Highlights & Insights

  • Layer-wise linear probing provides direct empirical evidence for the "final-layer bottleneck" hypothesis — this diagnostic methodology is broadly applicable to understanding information distribution across Transformer layers in other tasks.
  • Extremely lightweight inference-time guidance — only one additional forward pass and a logit addition are required, making deployment overhead negligible.
  • Security–correctness trade-off is well managed: many baselines sacrifice substantial functional correctness for security gains (e.g., SafeCoder achieves only 63.94% pass@1), whereas DeepGuard maintains 86.65% pass@1 while significantly improving security.

Limitations & Future Work

  • The token-level safety prior \(T_{stats}\) is a coarse-grained statistical association and may produce incorrect biases in specific contexts.
  • Training requires paired vulnerable/secure code samples, which are costly to obtain.
  • Evaluation is currently limited to Python; cross-language generalization remains unexplored.
  • vs. SVEN: Employs prefix tuning and extracts signals from the final layer, inheriting the final-layer bottleneck; DeepGuard aggregates across multiple layers.
  • vs.
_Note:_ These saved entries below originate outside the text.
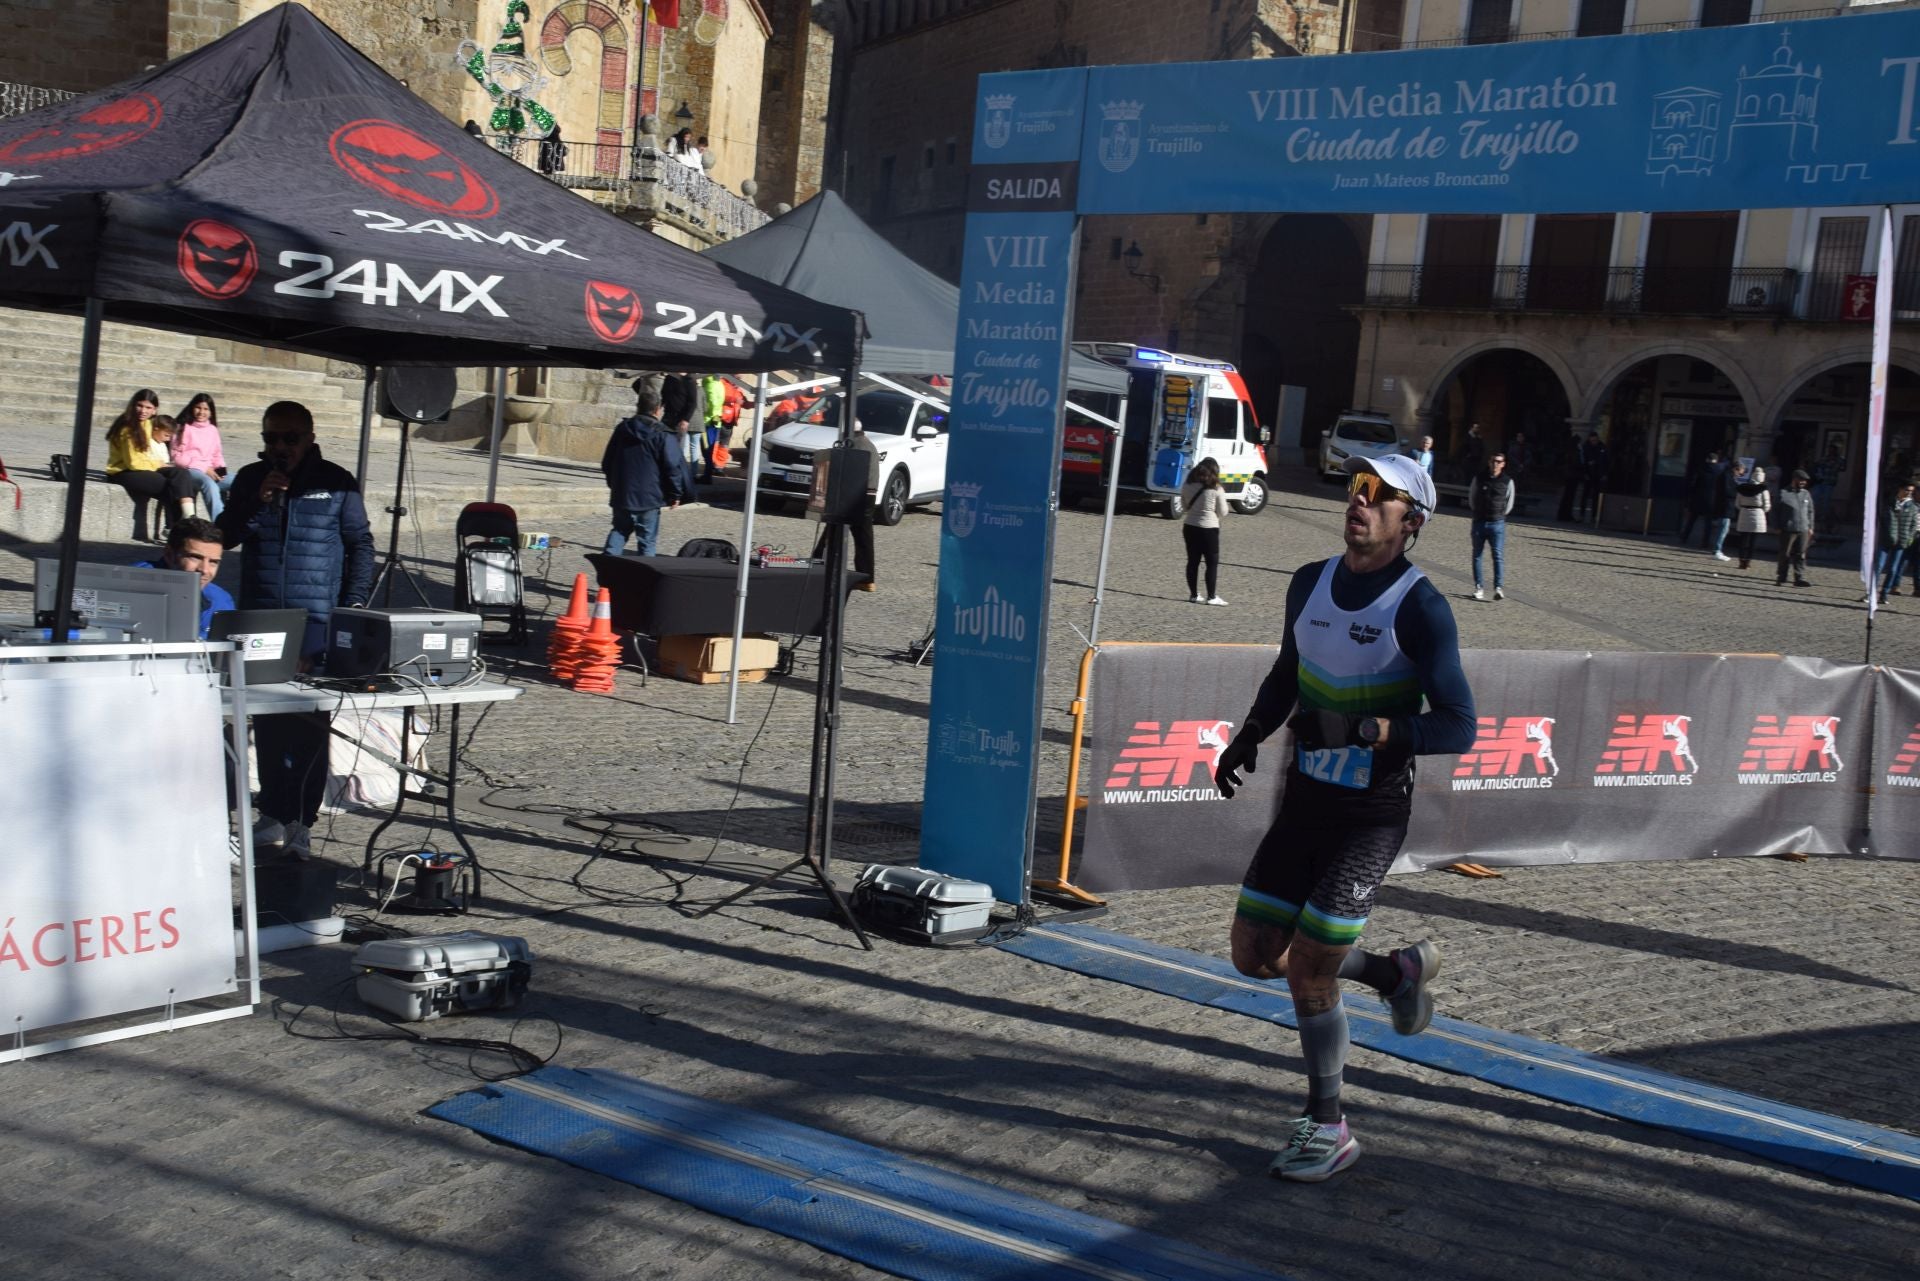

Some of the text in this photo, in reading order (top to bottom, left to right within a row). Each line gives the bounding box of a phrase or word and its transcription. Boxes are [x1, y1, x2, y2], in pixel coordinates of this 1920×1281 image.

[1248, 72, 1618, 121] VIII Media Maratón
[1881, 57, 1920, 145] T
[1016, 121, 1056, 136] Trujillo
[1147, 137, 1203, 157] Trujillo
[1285, 119, 1579, 171] Ciudad de Trujillo
[986, 178, 1062, 200] SALIDA
[1331, 170, 1509, 191] Juan Mateos Broncano
[984, 235, 1049, 268] VIII
[273, 249, 511, 318] 24MX
[973, 281, 1056, 305] Media
[653, 300, 826, 363] 24MX
[965, 318, 1057, 341] Maratón
[974, 350, 1041, 369] Ciudad de
[961, 372, 1050, 418] Trujillo
[982, 513, 1024, 529] Trujillo
[977, 728, 1021, 757] Trujillo
[1452, 773, 1553, 791] www.musicrun.es
[1593, 771, 1693, 788] www.musicrun.es
[1738, 769, 1837, 785] www.musicrun.es
SafeCoder: Uses security-instruction fine-tuning at the cost of significant functional correctness degradation; DeepGuard balances both objectives through multi-objective training.

Rating

  • Novelty: ⭐⭐⭐⭐ Clear multi-layer aggregation concept with a complete diagnosis-to-solution pipeline.
  • Experimental Thoroughness: ⭐⭐⭐⭐⭐ Five models, multiple baselines, generalization tests, and comprehensive ablations.
  • Writing Quality: ⭐⭐⭐⭐ The logical chain from diagnosis to solution is clearly articulated.
  • Value: ⭐⭐⭐⭐ Directly practical for secure code generation.